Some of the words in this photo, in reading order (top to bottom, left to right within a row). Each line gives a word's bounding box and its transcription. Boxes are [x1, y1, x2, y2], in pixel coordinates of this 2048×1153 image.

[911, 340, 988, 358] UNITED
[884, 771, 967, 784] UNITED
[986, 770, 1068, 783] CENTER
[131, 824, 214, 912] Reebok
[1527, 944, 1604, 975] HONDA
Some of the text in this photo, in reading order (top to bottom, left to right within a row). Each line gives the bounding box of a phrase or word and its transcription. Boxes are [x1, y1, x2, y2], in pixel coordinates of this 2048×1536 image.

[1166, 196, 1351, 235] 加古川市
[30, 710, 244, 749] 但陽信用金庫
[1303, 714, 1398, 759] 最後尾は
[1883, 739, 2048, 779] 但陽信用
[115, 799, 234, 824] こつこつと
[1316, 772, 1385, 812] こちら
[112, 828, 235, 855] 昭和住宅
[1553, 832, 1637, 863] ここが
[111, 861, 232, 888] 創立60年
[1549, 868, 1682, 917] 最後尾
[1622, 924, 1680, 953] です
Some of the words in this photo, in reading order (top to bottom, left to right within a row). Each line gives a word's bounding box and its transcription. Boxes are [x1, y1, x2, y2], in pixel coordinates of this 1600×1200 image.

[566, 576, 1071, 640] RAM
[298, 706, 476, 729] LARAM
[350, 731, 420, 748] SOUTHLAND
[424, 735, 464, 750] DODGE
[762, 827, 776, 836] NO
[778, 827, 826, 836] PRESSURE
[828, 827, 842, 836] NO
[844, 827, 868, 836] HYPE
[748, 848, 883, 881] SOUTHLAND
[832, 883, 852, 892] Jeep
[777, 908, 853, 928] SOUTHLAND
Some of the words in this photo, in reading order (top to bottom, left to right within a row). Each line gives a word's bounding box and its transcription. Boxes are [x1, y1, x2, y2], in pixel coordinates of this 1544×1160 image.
----------------------------------------
== Exercise goal ==
Print the records again in their entirety, character for character.

== Reply ==
Some of the words in this photo, in reading order (top to bottom, left to right within a row). Each line gives a word's bounding box and its transcription. Boxes are [x1, y1, x2, y2], in pixel coordinates of this 2048×1153 image.

[911, 340, 988, 358] UNITED
[884, 771, 967, 784] UNITED
[986, 770, 1068, 783] CENTER
[131, 824, 214, 912] Reebok
[1527, 944, 1604, 975] HONDA
Some of the text in this photo, in reading order (top to bottom, left to right within a row). Each line gives the bounding box of a phrase or word and its transcription. Boxes are [x1, y1, x2, y2], in pixel coordinates of this 2048×1536 image.

[1166, 196, 1351, 235] 加古川市
[30, 710, 244, 749] 但陽信用金庫
[1303, 714, 1398, 759] 最後尾は
[1883, 739, 2048, 779] 但陽信用
[115, 799, 234, 824] こつこつと
[1316, 772, 1385, 812] こちら
[112, 828, 235, 855] 昭和住宅
[1553, 832, 1637, 863] ここが
[111, 861, 232, 888] 創立60年
[1549, 868, 1682, 917] 最後尾
[1622, 924, 1680, 953] です
Some of the words in this photo, in reading order (top to bottom, left to right within a row). Each line gives a word's bounding box and its transcription. Boxes are [x1, y1, x2, y2], in pixel coordinates of this 1600×1200 image.

[566, 576, 1071, 640] RAM
[298, 706, 476, 729] LARAM
[350, 731, 420, 748] SOUTHLAND
[424, 735, 464, 750] DODGE
[762, 827, 776, 836] NO
[778, 827, 826, 836] PRESSURE
[828, 827, 842, 836] NO
[844, 827, 868, 836] HYPE
[748, 848, 883, 881] SOUTHLAND
[832, 883, 852, 892] Jeep
[777, 908, 853, 928] SOUTHLAND
Some of the words in this photo, in reading order (top to bottom, left to right within a row). Each line gives a word's bounding box and its transcription. Boxes are [x1, y1, x2, y2], in pixel coordinates of this 1544×1160 image.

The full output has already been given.